Another carol to come out of Civil War experience is "O Little Town of Bethlehem," by Phillips Brooks. A pastor in Philadelphia during the war, Brooks also ministered to Union soldiers. He called the Emancipation Proclamation "the greatest and most glorious thing our land has ever seen."Debate over the date when Brooks his poem continues to this day, and it touches on how closely related the song is to the war and its aftermath. One theory holds that Brooks wrote the text in 1868 and that the stillness in Bethlehem mirrors the stillness in Philadelphia, where a generation of young men had been wiped out. More likely Brooks wrote the text in 1865, during a Christmastime visit to the Holy Land, and he was merely describing Bethlehem as he saw it. At any rate, the words were not set to music until 1868, after which the carol was sung annually by the children's choir at Brooks's church. Few people outside the parish knew of the carol until it suddenly appeared in newspapers about a decade later.

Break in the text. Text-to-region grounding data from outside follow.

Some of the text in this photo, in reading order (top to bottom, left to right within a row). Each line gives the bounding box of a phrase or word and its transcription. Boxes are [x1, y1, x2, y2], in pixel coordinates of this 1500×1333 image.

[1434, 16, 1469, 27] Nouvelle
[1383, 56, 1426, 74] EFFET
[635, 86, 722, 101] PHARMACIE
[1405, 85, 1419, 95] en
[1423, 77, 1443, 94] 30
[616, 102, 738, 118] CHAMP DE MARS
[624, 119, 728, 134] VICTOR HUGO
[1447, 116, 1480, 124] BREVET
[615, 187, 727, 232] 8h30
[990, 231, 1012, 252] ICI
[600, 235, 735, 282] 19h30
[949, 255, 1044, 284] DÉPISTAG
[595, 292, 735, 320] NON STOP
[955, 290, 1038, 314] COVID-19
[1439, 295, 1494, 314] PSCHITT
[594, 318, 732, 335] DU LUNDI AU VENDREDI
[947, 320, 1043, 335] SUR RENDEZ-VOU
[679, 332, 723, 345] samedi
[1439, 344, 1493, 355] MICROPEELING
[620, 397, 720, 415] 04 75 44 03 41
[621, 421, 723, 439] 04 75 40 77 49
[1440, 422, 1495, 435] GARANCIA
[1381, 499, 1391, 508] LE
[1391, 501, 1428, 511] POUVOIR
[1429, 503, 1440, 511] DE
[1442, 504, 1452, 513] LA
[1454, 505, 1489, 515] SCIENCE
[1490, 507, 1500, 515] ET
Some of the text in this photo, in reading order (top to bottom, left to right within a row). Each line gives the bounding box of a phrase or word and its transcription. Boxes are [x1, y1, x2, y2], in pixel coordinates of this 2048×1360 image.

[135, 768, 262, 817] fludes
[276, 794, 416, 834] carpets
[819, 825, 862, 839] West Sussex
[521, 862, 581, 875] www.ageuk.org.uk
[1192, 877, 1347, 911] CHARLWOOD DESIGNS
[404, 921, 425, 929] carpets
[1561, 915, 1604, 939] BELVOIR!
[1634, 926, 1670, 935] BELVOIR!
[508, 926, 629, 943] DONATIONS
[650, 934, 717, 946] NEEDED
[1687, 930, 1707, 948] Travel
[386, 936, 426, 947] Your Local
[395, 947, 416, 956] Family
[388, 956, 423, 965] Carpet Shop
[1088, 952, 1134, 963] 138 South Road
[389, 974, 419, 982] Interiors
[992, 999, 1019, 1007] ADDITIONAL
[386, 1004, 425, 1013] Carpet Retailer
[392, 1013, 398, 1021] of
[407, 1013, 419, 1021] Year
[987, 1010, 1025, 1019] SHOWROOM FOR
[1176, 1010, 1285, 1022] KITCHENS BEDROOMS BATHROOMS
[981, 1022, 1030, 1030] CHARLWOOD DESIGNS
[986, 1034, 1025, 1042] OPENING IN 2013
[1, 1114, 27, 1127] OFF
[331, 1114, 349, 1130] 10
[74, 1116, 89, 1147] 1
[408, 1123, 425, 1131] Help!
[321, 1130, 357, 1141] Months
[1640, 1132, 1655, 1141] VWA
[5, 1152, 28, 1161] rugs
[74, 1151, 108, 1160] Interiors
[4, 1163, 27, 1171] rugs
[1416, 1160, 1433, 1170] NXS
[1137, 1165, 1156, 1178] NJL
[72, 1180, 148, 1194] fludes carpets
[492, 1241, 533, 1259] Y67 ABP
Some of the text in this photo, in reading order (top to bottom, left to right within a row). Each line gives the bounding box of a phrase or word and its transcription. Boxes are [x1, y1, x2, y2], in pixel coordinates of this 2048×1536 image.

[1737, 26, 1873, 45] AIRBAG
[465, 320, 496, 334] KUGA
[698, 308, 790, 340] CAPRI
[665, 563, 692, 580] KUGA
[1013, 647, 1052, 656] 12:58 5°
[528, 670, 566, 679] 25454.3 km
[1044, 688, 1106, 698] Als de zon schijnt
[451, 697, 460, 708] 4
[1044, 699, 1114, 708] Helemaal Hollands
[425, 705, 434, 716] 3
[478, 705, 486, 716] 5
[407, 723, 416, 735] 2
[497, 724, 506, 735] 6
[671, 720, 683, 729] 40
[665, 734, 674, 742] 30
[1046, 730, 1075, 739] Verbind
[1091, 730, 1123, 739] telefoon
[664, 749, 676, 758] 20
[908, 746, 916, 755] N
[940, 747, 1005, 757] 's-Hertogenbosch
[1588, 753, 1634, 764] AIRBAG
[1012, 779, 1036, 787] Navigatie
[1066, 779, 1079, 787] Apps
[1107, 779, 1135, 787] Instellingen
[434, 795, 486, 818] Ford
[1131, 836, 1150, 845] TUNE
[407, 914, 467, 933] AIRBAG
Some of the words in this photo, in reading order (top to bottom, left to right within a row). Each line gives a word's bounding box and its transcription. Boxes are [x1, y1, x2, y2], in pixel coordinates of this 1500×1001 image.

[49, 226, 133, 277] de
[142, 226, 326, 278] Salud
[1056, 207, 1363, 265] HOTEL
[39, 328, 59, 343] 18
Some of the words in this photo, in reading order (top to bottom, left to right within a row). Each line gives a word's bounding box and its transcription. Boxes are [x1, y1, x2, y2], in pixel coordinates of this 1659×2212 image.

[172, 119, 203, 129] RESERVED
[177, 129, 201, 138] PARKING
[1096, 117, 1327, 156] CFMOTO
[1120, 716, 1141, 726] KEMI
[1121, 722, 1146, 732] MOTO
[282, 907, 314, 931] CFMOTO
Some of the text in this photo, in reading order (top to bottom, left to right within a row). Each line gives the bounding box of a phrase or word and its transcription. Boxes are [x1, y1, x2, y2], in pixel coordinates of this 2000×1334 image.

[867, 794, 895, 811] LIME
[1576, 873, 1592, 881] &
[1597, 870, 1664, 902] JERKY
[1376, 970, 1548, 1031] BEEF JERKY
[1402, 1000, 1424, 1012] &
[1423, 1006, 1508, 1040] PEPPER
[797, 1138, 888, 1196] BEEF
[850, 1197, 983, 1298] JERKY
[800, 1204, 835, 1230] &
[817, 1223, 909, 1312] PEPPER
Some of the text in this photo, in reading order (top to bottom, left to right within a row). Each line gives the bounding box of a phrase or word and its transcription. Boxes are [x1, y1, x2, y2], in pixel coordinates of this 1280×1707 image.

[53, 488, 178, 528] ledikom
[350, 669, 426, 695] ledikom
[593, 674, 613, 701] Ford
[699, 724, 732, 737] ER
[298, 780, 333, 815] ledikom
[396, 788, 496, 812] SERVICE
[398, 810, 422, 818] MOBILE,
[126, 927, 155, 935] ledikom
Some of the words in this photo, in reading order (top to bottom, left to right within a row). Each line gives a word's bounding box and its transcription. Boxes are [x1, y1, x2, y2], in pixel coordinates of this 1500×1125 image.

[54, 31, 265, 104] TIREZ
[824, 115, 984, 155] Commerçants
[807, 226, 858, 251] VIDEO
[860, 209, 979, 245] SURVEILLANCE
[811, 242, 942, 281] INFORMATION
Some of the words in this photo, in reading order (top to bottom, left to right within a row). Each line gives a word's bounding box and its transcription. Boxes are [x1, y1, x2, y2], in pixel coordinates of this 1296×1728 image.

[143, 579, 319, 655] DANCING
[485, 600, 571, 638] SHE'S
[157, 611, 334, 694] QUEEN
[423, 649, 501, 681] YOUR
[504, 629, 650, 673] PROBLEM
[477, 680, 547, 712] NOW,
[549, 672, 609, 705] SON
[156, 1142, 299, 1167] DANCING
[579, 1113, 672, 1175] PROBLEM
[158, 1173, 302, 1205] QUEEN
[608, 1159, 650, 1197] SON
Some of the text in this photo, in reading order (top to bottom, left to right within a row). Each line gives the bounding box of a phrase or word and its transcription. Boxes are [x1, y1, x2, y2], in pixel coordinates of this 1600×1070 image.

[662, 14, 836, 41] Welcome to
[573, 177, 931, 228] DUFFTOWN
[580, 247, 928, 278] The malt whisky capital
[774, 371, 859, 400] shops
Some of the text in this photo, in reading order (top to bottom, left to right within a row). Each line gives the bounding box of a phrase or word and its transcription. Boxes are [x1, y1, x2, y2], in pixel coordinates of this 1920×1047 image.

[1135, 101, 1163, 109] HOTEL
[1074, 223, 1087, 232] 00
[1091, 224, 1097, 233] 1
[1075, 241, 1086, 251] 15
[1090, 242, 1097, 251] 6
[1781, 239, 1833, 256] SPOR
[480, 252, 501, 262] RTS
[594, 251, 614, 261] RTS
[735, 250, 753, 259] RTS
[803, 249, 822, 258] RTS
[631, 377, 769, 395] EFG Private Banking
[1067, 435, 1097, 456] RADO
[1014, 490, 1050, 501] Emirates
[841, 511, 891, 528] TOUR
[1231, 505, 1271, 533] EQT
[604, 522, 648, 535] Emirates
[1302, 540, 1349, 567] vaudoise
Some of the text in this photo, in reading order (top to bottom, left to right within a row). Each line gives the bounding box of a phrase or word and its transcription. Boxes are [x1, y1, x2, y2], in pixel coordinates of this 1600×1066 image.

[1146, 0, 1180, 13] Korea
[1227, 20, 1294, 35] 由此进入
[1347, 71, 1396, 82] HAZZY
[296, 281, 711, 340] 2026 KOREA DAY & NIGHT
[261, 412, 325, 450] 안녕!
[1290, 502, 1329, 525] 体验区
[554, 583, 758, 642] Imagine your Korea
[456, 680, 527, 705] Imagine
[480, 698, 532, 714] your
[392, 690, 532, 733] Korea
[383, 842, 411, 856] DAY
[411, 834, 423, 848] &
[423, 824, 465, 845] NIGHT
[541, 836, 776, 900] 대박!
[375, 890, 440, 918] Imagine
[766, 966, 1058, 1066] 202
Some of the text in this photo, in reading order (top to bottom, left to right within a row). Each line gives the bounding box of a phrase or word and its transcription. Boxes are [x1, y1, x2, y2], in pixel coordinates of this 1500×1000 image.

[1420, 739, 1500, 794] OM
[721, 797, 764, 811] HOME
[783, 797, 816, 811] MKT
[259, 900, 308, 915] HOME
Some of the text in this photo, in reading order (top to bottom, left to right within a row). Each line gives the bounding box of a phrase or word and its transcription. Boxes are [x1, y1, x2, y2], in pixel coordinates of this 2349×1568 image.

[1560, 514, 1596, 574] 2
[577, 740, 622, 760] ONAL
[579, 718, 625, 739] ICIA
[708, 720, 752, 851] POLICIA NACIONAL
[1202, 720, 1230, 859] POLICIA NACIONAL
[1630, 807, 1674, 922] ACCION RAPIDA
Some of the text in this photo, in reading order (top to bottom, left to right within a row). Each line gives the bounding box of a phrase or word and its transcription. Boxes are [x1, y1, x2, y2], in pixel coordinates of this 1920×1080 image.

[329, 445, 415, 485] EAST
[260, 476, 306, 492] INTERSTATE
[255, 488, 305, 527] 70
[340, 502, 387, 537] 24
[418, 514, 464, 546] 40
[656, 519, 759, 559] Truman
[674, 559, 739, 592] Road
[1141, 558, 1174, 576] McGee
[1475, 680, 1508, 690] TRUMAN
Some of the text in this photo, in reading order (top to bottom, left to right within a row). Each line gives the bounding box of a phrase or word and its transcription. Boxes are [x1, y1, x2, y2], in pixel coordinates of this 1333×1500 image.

    We at Pine Knoll wish all a blessed Christmas and a Happy New Year!

1 comment:

  1. Music is always on at my home unless the hubby is home and then I go to another room to listen while he watches tv. I too love the Christmas music and have a Christmas clock that chimes a new song every hour, a Charlie Brown Christmas clock which is on all year long and my advent calendar plays a different Christmas Carole every time I hang an ornament. Music can lift a person's soul. Thank you for sharing this interesting blog on the composing of these beautiful Christmas songs. May your Christmas bring you and your family Peace and Joy! And some day I swear I am going to make it to your store. I love clocks!!!!!!!